Data supplied START

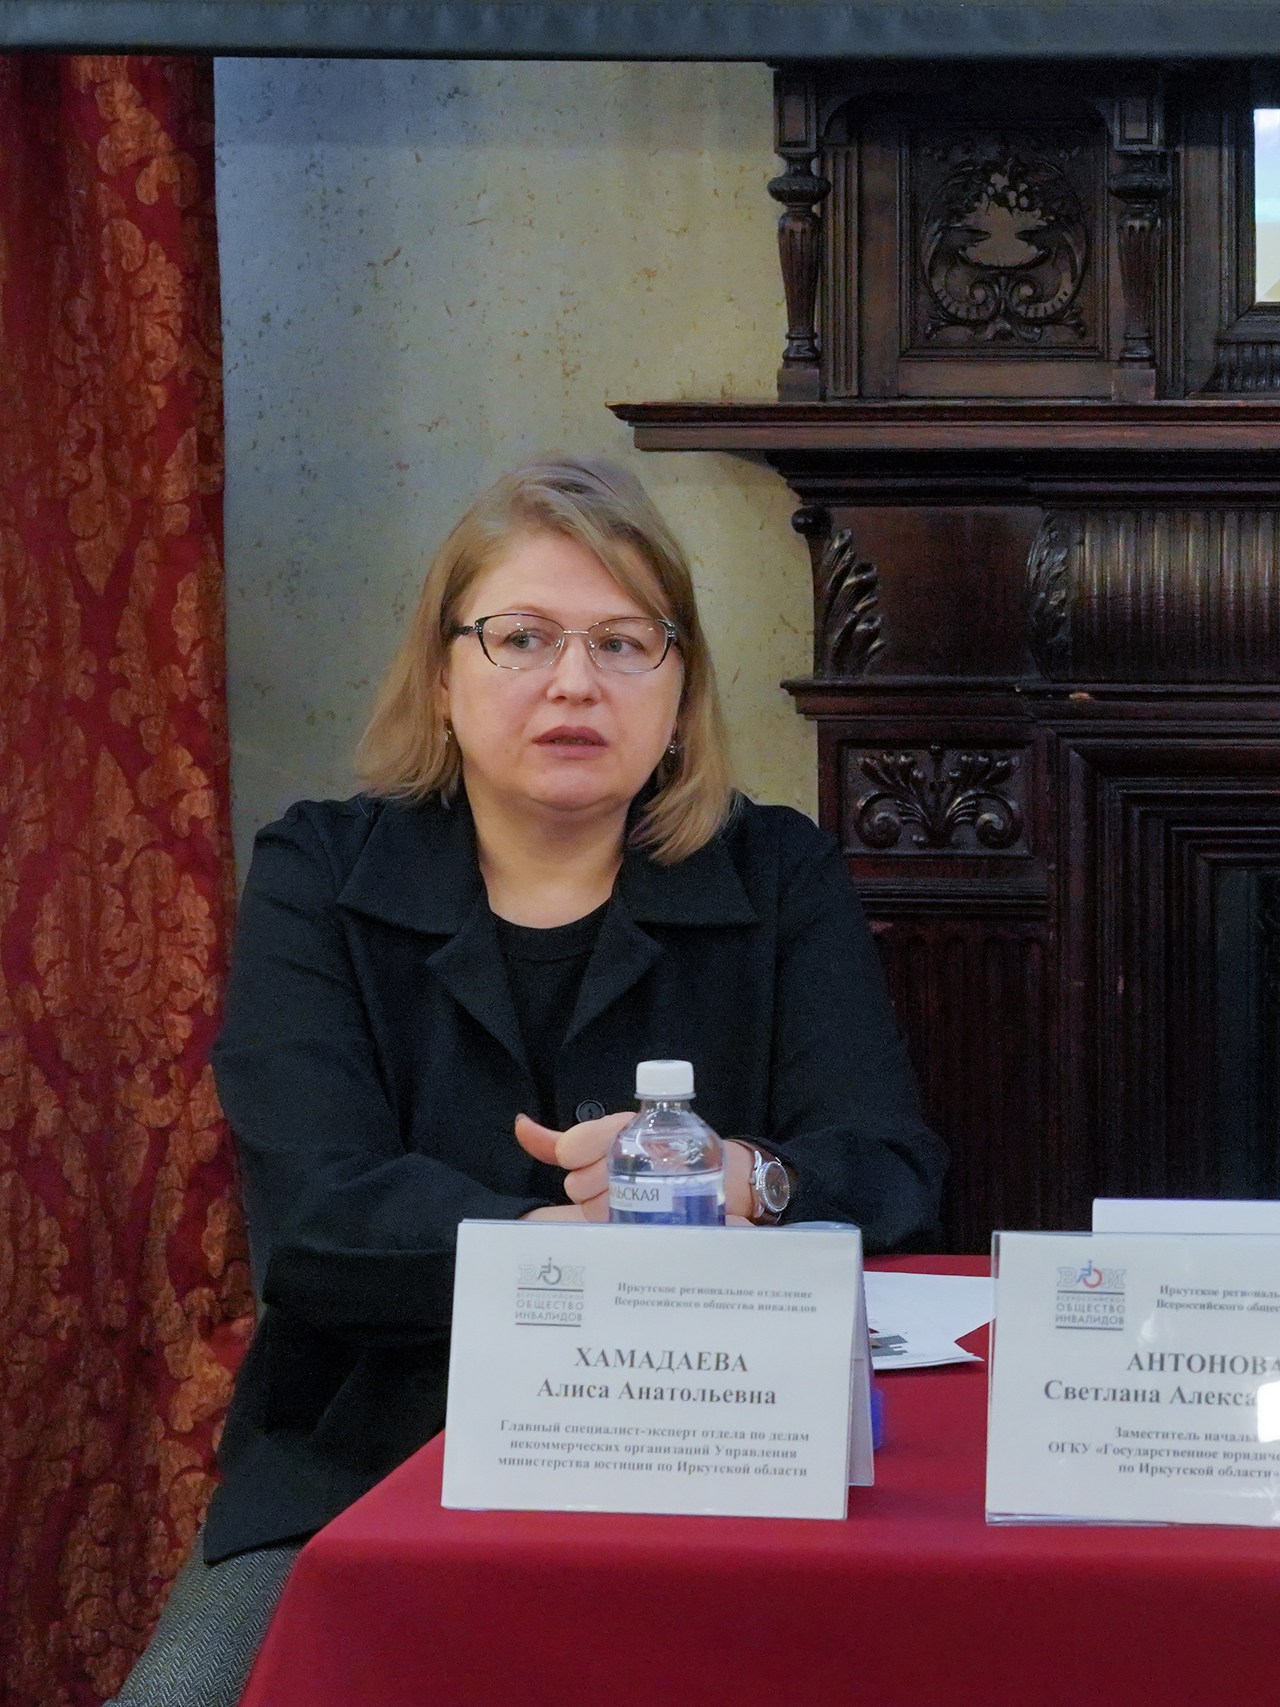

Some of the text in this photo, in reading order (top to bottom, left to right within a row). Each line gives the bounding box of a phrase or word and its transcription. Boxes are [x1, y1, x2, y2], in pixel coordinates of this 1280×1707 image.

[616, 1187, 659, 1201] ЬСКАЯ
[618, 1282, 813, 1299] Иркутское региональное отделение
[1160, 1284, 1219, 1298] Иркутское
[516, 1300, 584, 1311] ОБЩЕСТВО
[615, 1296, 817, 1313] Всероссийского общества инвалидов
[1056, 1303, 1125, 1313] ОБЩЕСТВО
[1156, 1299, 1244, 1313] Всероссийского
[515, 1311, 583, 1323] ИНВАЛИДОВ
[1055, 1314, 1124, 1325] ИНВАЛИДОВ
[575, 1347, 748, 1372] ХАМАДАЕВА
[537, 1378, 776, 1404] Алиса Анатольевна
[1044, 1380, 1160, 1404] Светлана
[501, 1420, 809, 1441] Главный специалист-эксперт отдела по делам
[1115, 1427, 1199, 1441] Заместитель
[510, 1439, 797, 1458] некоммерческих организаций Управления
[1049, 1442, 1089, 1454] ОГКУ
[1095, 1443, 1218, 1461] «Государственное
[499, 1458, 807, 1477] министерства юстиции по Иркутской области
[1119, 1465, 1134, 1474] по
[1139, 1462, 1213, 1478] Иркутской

Data supplied END

● **Brief**: Apart from the pictures, return every entry above exactly as given.

● **Response to this exercise**:
Some of the text in this photo, in reading order (top to bottom, left to right within a row). Each line gives the bounding box of a phrase or word and its transcription. Boxes are [x1, y1, x2, y2], in pixel coordinates of this 1280×1707 image.

[616, 1187, 659, 1201] ЬСКАЯ
[618, 1282, 813, 1299] Иркутское региональное отделение
[1160, 1284, 1219, 1298] Иркутское
[516, 1300, 584, 1311] ОБЩЕСТВО
[615, 1296, 817, 1313] Всероссийского общества инвалидов
[1056, 1303, 1125, 1313] ОБЩЕСТВО
[1156, 1299, 1244, 1313] Всероссийского
[515, 1311, 583, 1323] ИНВАЛИДОВ
[1055, 1314, 1124, 1325] ИНВАЛИДОВ
[575, 1347, 748, 1372] ХАМАДАЕВА
[537, 1378, 776, 1404] Алиса Анатольевна
[1044, 1380, 1160, 1404] Светлана
[501, 1420, 809, 1441] Главный специалист-эксперт отдела по делам
[1115, 1427, 1199, 1441] Заместитель
[510, 1439, 797, 1458] некоммерческих организаций Управления
[1049, 1442, 1089, 1454] ОГКУ
[1095, 1443, 1218, 1461] «Государственное
[499, 1458, 807, 1477] министерства юстиции по Иркутской области
[1119, 1465, 1134, 1474] по
[1139, 1462, 1213, 1478] Иркутской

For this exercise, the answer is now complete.